§ **Exercise description**
Through to the final line, write out the records below exactly, omitting any images they contain.

§ **Data excerpts**
[Start of Attachment]

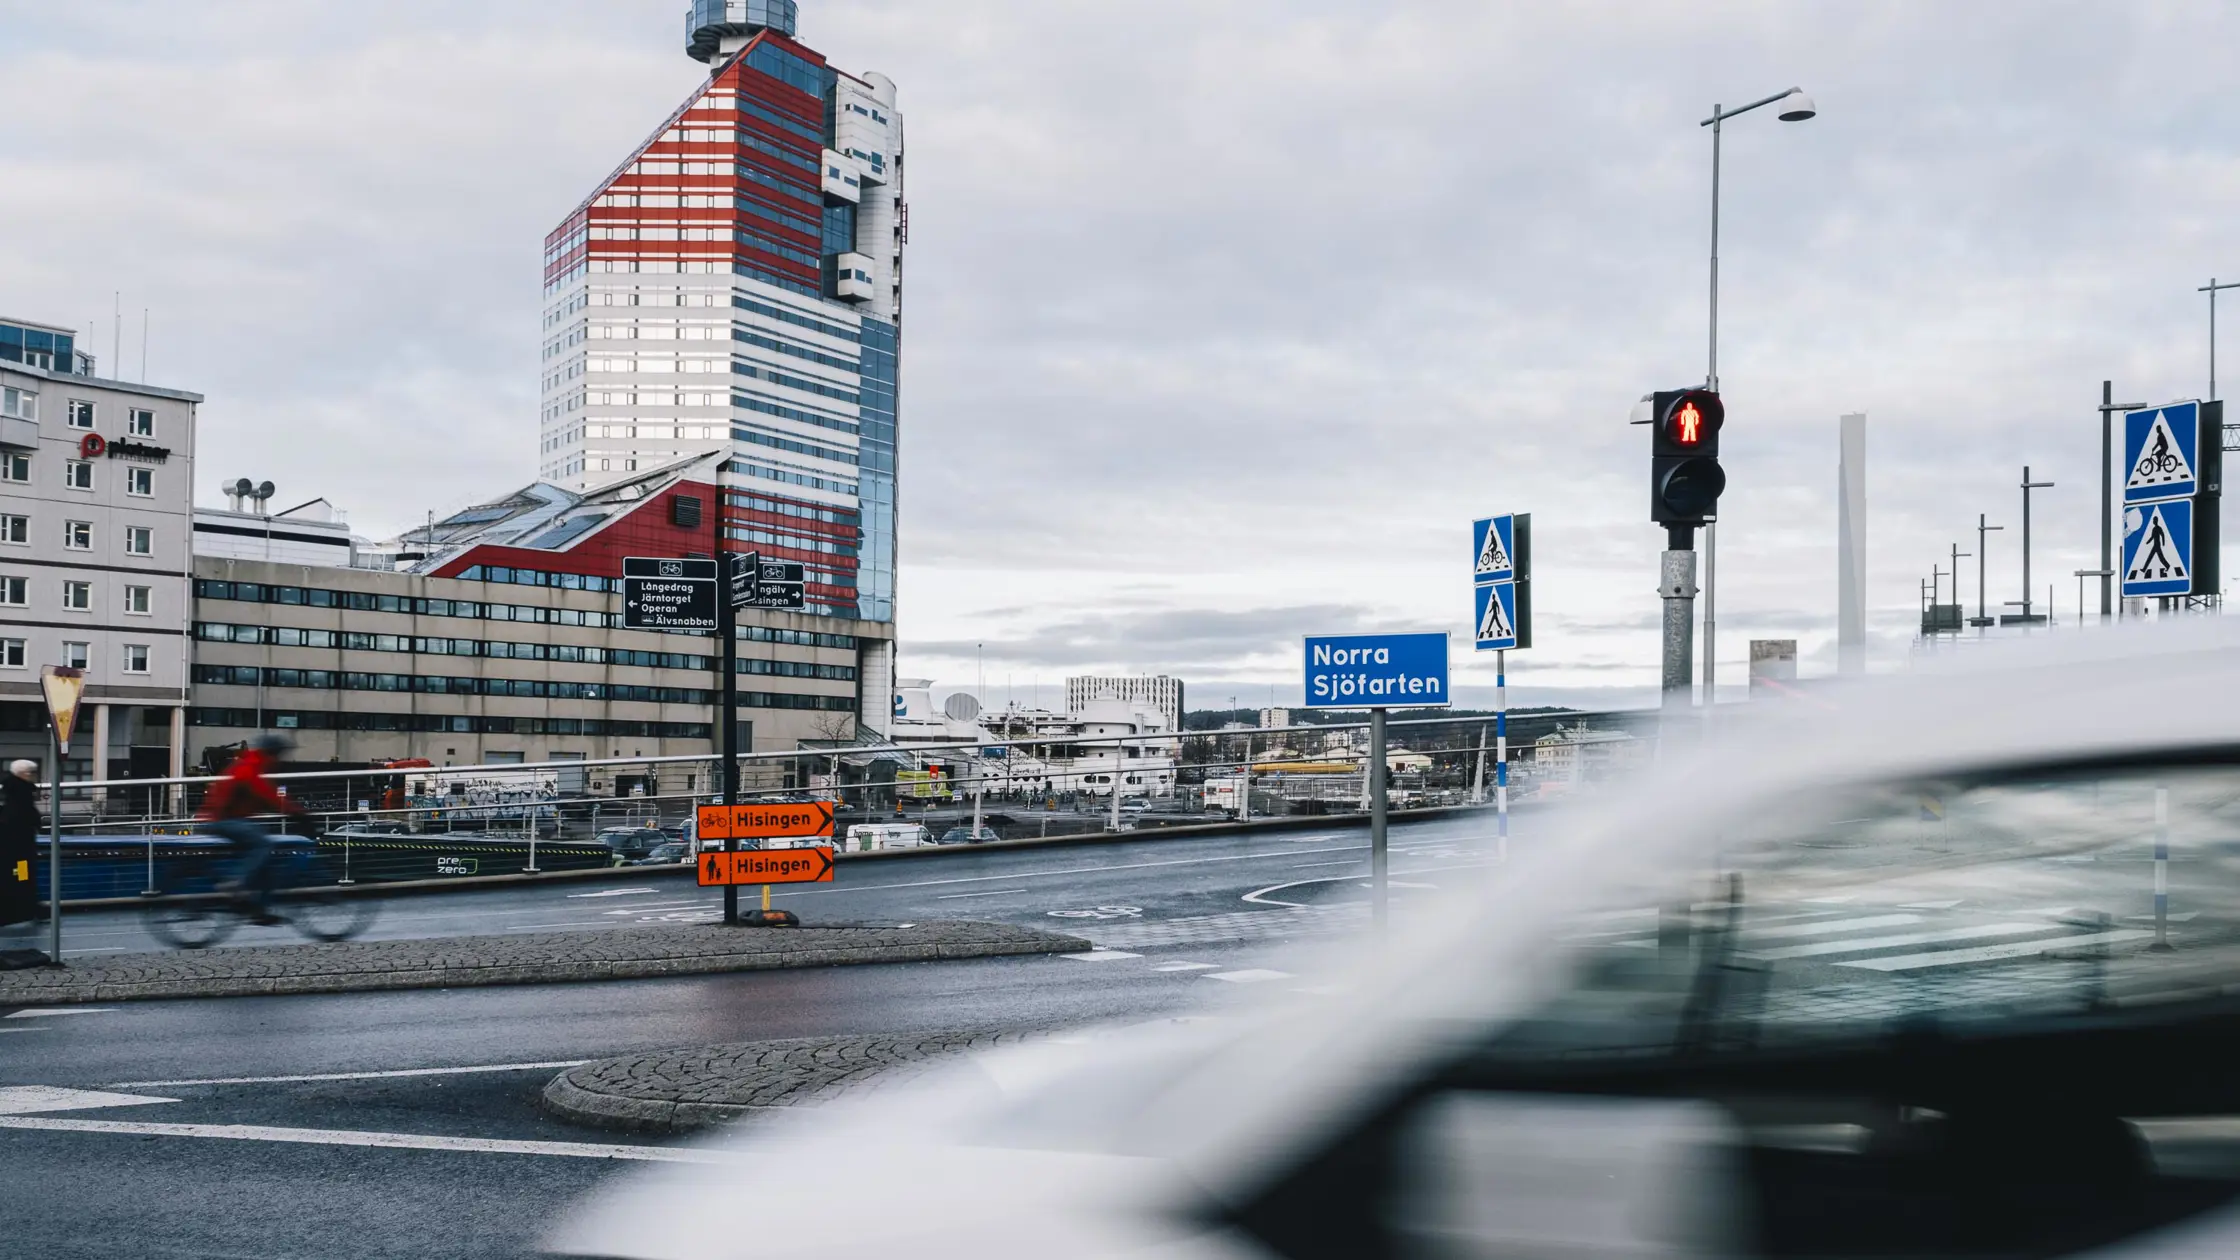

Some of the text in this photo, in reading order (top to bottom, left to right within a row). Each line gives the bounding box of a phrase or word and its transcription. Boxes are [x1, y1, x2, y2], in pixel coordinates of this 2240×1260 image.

[641, 581, 694, 594] Långedrag
[759, 585, 787, 595] ngälv
[641, 593, 692, 605] Järntorget
[751, 596, 789, 607] singen
[641, 603, 678, 614] Operan
[655, 613, 715, 627] Älvsnabben
[1313, 644, 1389, 666] Norra
[1313, 673, 1440, 701] Sjöfarten
[737, 812, 811, 829] Hisingen
[437, 857, 460, 866] pre
[737, 858, 811, 875] Hisingen
[437, 866, 467, 874] zero

[End of Attachment]

§ **Expected output**
Some of the text in this photo, in reading order (top to bottom, left to right within a row). Each line gives the bounding box of a phrase or word and its transcription. Boxes are [x1, y1, x2, y2], in pixel coordinates of this 2240×1260 image.

[641, 581, 694, 594] Långedrag
[759, 585, 787, 595] ngälv
[641, 593, 692, 605] Järntorget
[751, 596, 789, 607] singen
[641, 603, 678, 614] Operan
[655, 613, 715, 627] Älvsnabben
[1313, 644, 1389, 666] Norra
[1313, 673, 1440, 701] Sjöfarten
[737, 812, 811, 829] Hisingen
[437, 857, 460, 866] pre
[737, 858, 811, 875] Hisingen
[437, 866, 467, 874] zero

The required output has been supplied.